Summary statistics of CRISPR repeats by the Gaussian Mixture Model
cluster.
Cluster
Mean length ± SD (number of data)
GC/AT ratio ± SD
Metric entropy ± SD
Minimum free energy of RNA ± SD
0
37.35 ± 3.38 (n = 2753)
0.66 ± 0.42
0.050 ± 0.0047
−4.13 ± 4.57
1
28.97 ± 0.22 (n = 2122)
2.19 ± 0.52
0.065 ± 0.0021
−13.57 ± 2.10
2
30.44 ± 2.11 (n = 1449)
0.93 ± 0.67
0.061 ± 0.0053
−6.73 ± 5.77
3
27.59 ± 1.64 (n = 3007)
1.46 ± 0.75
0.070 ± 0.0050
−8.86 ± 4.17
4
32.72 ± 2.61 (n = 1759)
1.69 ± 0.60
0.058 ± 0.0059
−11.53 ± 3.39
Summary statistics of CRISPR repeats by the Gaussian Mixture Model
cluster.
CRISPR repeat structures show the patterns of DNA repair by the Cas system
type
CRISPR arrays contain multiple repeats that separate unique spacers (typically,
<50 spacers in bacteria and <100 spacers in archaea),
and the dimensionality reduction study showed the variation of these
repeats within an array. To elucidate how these secondary structures of CRISPR
repeats change over time due to DNA repair during the acquisition, we predicted
RNA secondary structures of individual repeats within an array and quantified
the Minimum Free Energy (MFE) associated with the secondary structure (Supplemental Table S6).
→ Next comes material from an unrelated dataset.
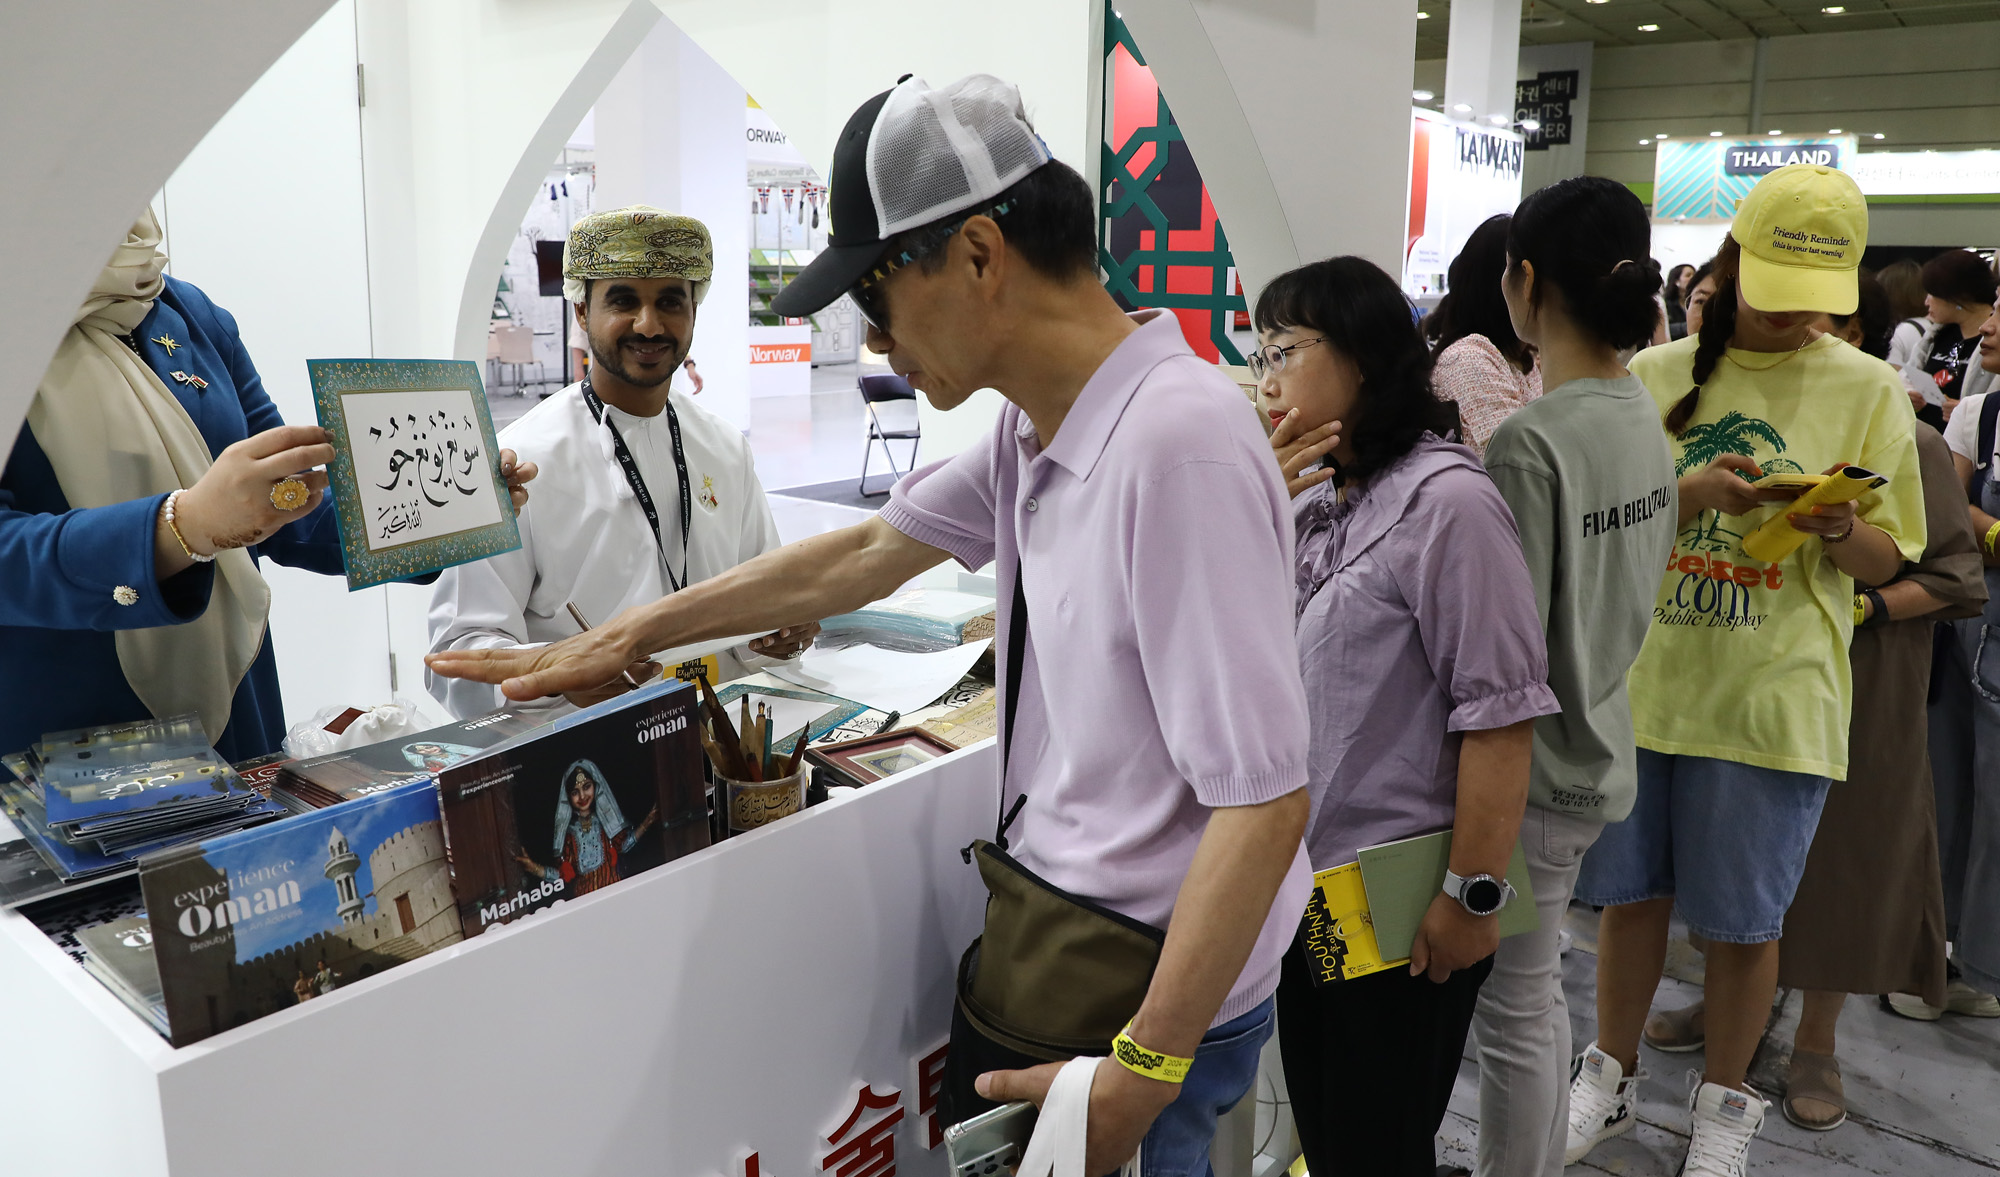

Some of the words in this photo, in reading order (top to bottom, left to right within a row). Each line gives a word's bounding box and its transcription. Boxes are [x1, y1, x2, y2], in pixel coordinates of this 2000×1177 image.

The lower the MFE value, the higher the
probability of sequences forming stable RNA secondary structures. We plotted the
time-series graphs of the MFE values for CRISPR repeats within each array
chronologically, in which the CRISPR repeats were separated by the number of
unique repeats in an array (Supplemental Figure S5). The number of unique repeats was
assumed to be mutation events during the spacer acquisition process, varying
from 2 to 24 time points. These time-series graphs show that the MFE values of
CRISPR repeats fluctuate over time. This result shows that the secondary
structures of CRISPR repeats are dynamic due to mutation events during the
spacer acquisition process. Another noticeable trend is the difference in the
baseline of MFE values in CRISPR repeats associated with different Cas system
types. For example, the MFE baselines of Class 2 subtypes, including IIA, IIB,
and IIC, were consistently higher than some of Class 1 subtypes, including IC,
IE, and IF. Interestingly, the MFE baselines of IA, IB, and some III types do
not appear to follow the same trend.To visualize the change in the CRISPR repeat structure over time, we built a
selected collection of the graphical output of these RNA structures by the
associated Cas system type (Supplemental Figure S6). Consistent with the time-series graphs
built with the MFE values, the CRISPR repeat structures of Class 1 subtypes,
particularly IC, IE, and IF, tend to have more distinctive hairpin structures of
palindromic sequences over time as compared to those of Class 2 subtypes. Such
difference in time-series patterns of CRISPR secondary structures according to
the associated Cas system types raises an intriguing question on the
differential effects of DNA repair during the genome-editing events of
CRISPR-Cas systems.
Simulated studies show the effects of DNA repair under Lamarckian
evolution
We simulated a selection of CRISPR repeats associated with Class 1 Type IE and
Class 2 Type IIA (Supplemental Table S6) using the population genetic model that
simulates the genetic drift of mutations. These simulation studies of the
Darwinian evolution model were conducted to compare the evolution of CRISPR
repeats that undergo genome-editing events equivalent to Lamarckian evolution.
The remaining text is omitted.